It’s time for the community to determine the winner of the Superuser Award to be presented at the OpenStack Boston Summit. Based on the community voting, the Superuser Editorial Advisory Board will review the nominees and determine the finalists and overall winner.
Now, it’s your turn.
Snapdeal is among the seven nominees for the Superuser Awards. Review the nomination criteria below, check out the other nominees and rate the nominees before the deadline Tuesday, April 4 at 11:59 p.m. Pacific Time Zone.
How has OpenStack transformed Snapdeal’s business?
Snapdeal runs on OpenStack is not an overstatement. Literally the entire business of Snapdeal runs on the private cloud called Snapdeal Cirrus that is built on top of OpenStack. In the last year and a half, Snapdeal has not only built an infrastructure-as-a-service (IaaS) using OpenStack but created an entire ecosystem of services built on top of the new private cloud which has transformed completely how applications are designed, built, deployed and maintained. Snapdeal is built using over 500 microservices, and each service has its own multi-tier architecture and exposes its capabilities over rest API. In the new architecture, all Snapdeal services are defined in YAML files called blueprints, which capture every detail about the microservice down from the Git repository, dependencies, resource requirements for both vertical and horizontal scaling. This infrastructure is then created automatically by our automation without any manual intervention. This infrastructure-as-code is heavily intertwined with OpenStack like choosing the right flavor, host aggregate, attaching Cinder volume from Ceph or local SSD. Also teams can create any number of copies of the applications with a click of a button without any manual effort. This new architecture has made the entire engineering team extremely cognizant of its own infrastructure usage.
How has Snapdeal participated in or contributed to the OpenStack community?
We have been attending the OpenStack Summits regularly. At the Austin and Tokyo Summits, we attended to interact with fellow engineers who have built large private clouds using OpenStack. At the OpenStack Summit Barcelona, we announced our private cloud and we were welcomed into the 100K cores club. We have embraced OpenStack as the core software for our cloud platform, which meant that we treat it as our own code. We have a fork of the OpenStack Kilo 4, which we run in production. We have made several enhancements on this code to suit our requirements. So far we have not actively contributed back to the community version because of sheer lack of resources, but it is something that we are actively going to pursue this year.

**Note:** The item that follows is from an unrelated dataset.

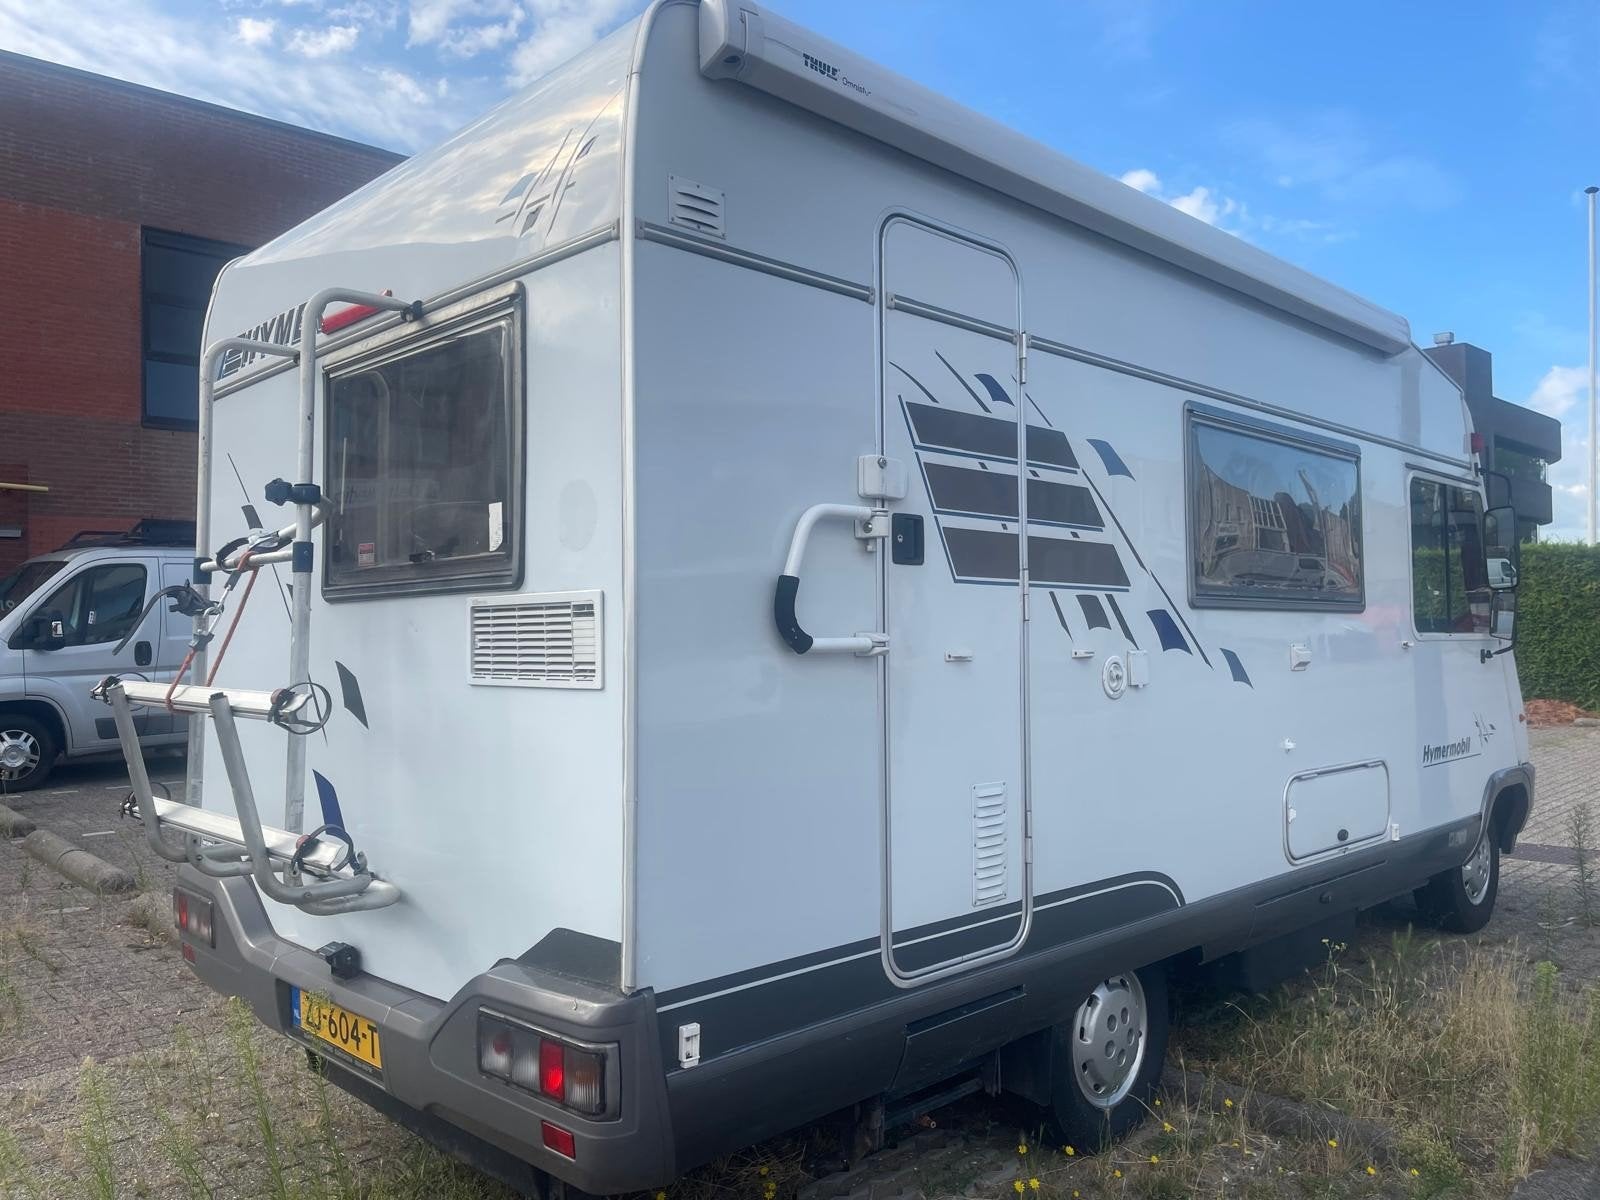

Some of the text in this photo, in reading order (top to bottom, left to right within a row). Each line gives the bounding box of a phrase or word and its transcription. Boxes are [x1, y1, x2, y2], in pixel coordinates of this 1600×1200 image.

[803, 53, 872, 97] THULE Omnist
[240, 298, 326, 369] HYME
[1423, 736, 1471, 763] Hymermobil

What open source technologies does Snapdeal use in its IT environment?
CentOS, Python, Kafka, ActiveMQ, RabbitMQ, Spark 2.0.1, Scala 2.11.8, Hadoop Ecosystem (HDFS, Scoop, Yarn, Pig, Zookeeper), Spark Job Server, Zeppelin, Tachyon, Oozie – 4.3.0, Pentaho, Kylin, Tungsten, Hbase, OpenStack, Ceph. Ansible, EFK (ElasticSearch, FluentD, Kibana), Icinga, Influxdb|Telegraf|Kapacitor|Grafana, Salt, Terraform, Jenkins, Chef, Smartstack, HAProxy, Gradle, Consul, Vault and Zookeeper
What is the scale of your OpenStack deployment?
With OpenStack at its center, Snapdeal Cirrus covers three data center regions with an extensive architecture of 100,000 cores, 16 petabytes of storage and 100G SDN infrastructure. You can learn more about Snapdeal’s OpenStack footprint in this case study.
What kind of operational challenges have you overcome during your experience with OpenStack?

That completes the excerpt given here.